We thus get to a very high number. There are, for instance, some twenty million ions per centimetre cube when the rays have produced their maximum effect, but high as this figure is, it is still very small compared with the total number of molecules. All conclusions drawn from kinetic theory lead us to think that in the same space there must exist, by the side of a molecule divided into two ions, a thousand millions remaining in a neutral state and intact.
Mr C.T.R. Wilson has remarked that the positive and negative ions do not produce condensation with the same facility. The ions of a contrary sign may be almost completely separated by placing the ionised gas in a suitably disposed field. In the neighbourhood of a negative disk there remain hardly any but positive ions, and against a positive disk none but negative; and in effecting a separation of this kind, it will be noticed that condensation by negative ions is easier than by the positive.

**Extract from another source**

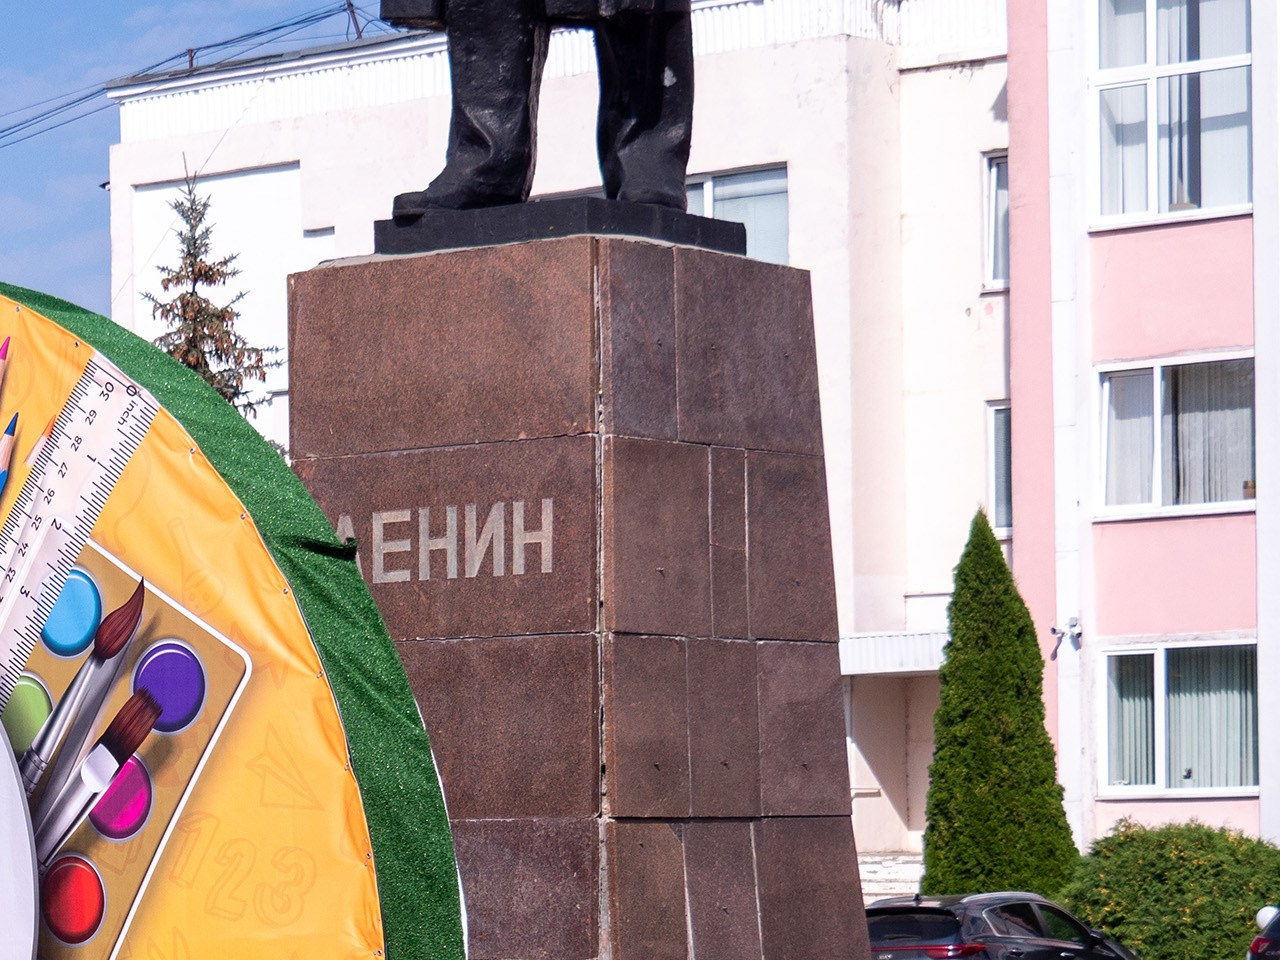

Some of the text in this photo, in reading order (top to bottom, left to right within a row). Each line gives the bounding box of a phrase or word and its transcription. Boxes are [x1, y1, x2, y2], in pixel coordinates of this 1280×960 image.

It is, consequently, possible to cause condensation on negative centres only, and to study separately the phenomena produced by the two kinds of ions. It can thus be verified that they really bear charges equal in absolute value, and these charges can even be estimated, since we already know the number of drops. This estimate can be made, for example, by comparing the speed of the fall of a mist in fields of different values, or, as did J.J. Thomson, by measuring the total quantity of electricity liberated throughout the gas.
At the degree of approximation which such experiments imply, we find that the charge of a drop, and consequently the charge borne by an ion, is sensibly 3.4 x 10-10 electrostatic or 1.1 x 10-20 electromagnetic units. This charge is very near that which the study of the phenomena of ordinary electrolysis leads us to attribute to a univalent atom produced by electrolytic dissociation.

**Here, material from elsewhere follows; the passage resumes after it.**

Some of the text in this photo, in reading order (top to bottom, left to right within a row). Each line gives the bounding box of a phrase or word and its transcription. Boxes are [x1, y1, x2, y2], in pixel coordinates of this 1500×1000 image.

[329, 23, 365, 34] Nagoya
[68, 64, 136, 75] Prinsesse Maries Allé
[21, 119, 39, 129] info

Such a coincidence is evidently very striking; but it will not be the only one, for whatever phenomenon be studied it will always appear that the smallest charge we can conceive as isolated is that mentioned. We are, in fact, in presence of a natural unit, or, if you will, of an atom of electricity.
We must, however, guard against the belief that the gaseous ion is identical with the electrolytic ion. Sensible differences between those are immediately apparent, and still greater ones will be discovered on closer examination.